A group of scientists in Britain has authored a list of the 40 most pressing, unanswered questions concerning the intersection of science and public policy, the result of a workshop at Cambridge University. Some have met the exercise with open arms, claiming that a culture of reflection is a good thing for science.
However, Sheila Jasanoff, a preeminent science, technology, and society scholar, expressed concerns that this may be a failure of science communication: “There is a surface consensus here” about the distinction between ‘science’ and ‘policy’, and what positively links them together, “which is probably misleading… The big challenge is that most scientists and policy-makers remain blissfully unaware of all that we do actually know.”
Our recent workshop at NSF regarding the societal and ethical implications of Transformative Research is an attempt to remedy such communication gaps: what do we know about transformative research, and why is the concept so difficult to nail down? Is the phrase merely window dressing for existing NSF policies – i.e., the Broader Impacts Merit Review Criterion – or is it a distinct phenomenon?
Though NSF has done it’s own list-making in the past, the bent of its policy arc has largely shifted toward more flexible definitions, e.g. of what counts as broader impacts, with an emphasis on community participation in making these concepts meaningful. And so the organization of the workshop, learning from NSF’s previous experiences, was designed not to reach a more narrowly construed definition of TR to supplement NSF’s existing one. Rather, the workshop sought to broaden and enrich our thinking regarding transformation and how (or whether!) this concept fits into the dynamic between science, policy, and society.
Lists are obviously very useful, as tools through which we motivate ourselves to action, or externally note what may be easily forgotten, or as means of accounting for inclusiveness (to make sure nothing is left out); but it is important to remember that a list is only as good as those who are making it, which is to say that an interested and specialized group of scientists may have great insights about the science – policy relationship, but they are by no means an authority on the subject. And further, the act of making lists tends to give more credence to the list’s account of particular concepts, rather than promote critical reflection on the how those concepts were interpreted such that they were deemed ‘list-worthy’ – an integral part, as I see it, of Jasanoff’s concerns.
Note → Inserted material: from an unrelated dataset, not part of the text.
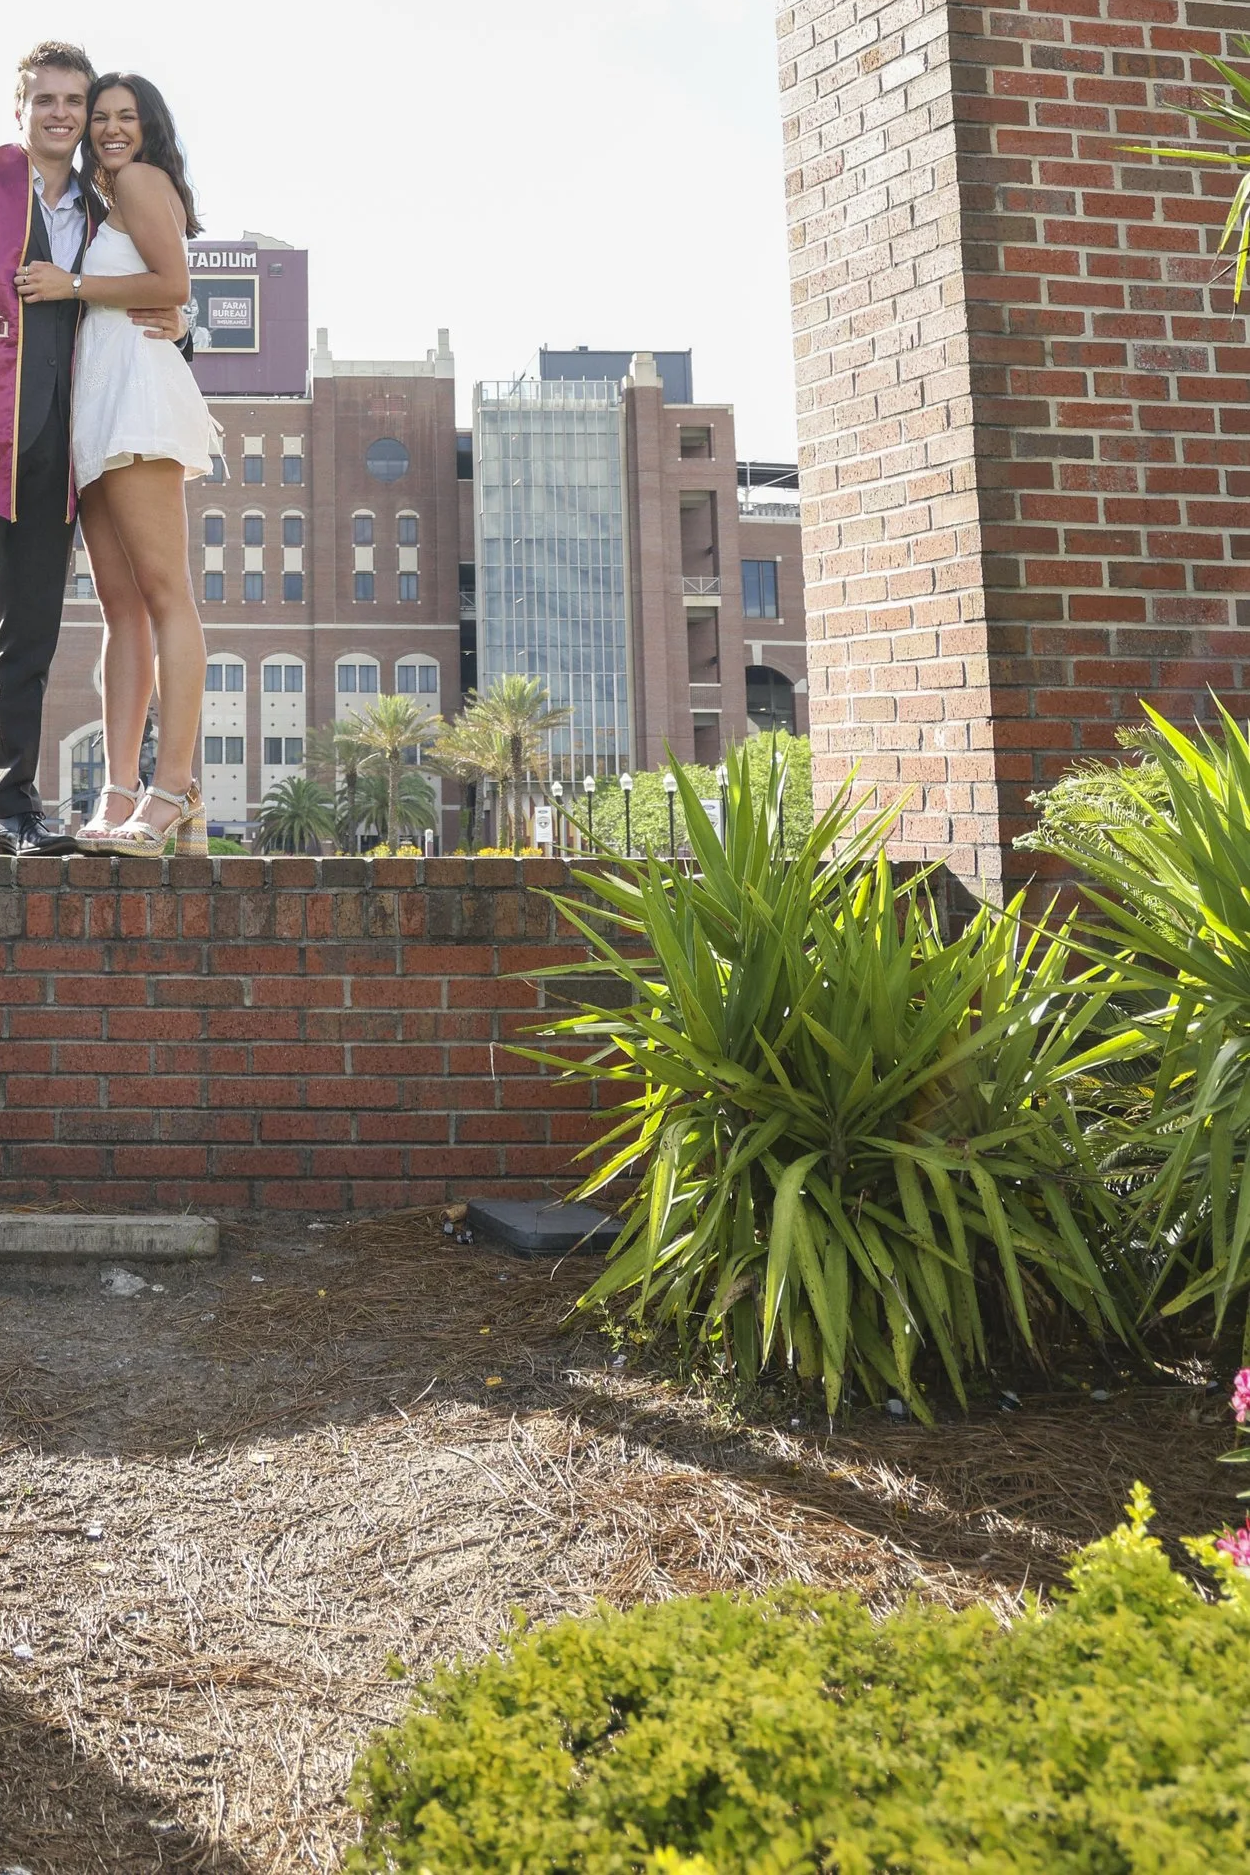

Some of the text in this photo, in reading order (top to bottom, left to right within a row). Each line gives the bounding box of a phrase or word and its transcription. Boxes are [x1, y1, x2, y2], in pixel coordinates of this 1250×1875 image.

[188, 252, 257, 267] TADIUM
[222, 301, 247, 309] FARM
[212, 309, 247, 318] BUREAU
I applaud these scientists for their initiative and creativity, and I agree that the culture of science would benefit from more of this kind of reflective activity. But efforts to bring in outside perspectives are suspiciously lacking, and lists are notorious for setting and limiting the terms of the debate regarding who is included or not, and whose input counts. This point was raised a number of times at our workshop: Is this exercise really democratic if academics only talk among themselves or to other interested intellectual professionals? What about soliciting the views of the very society that the institution of science is purporting to benefit? Do these views not count?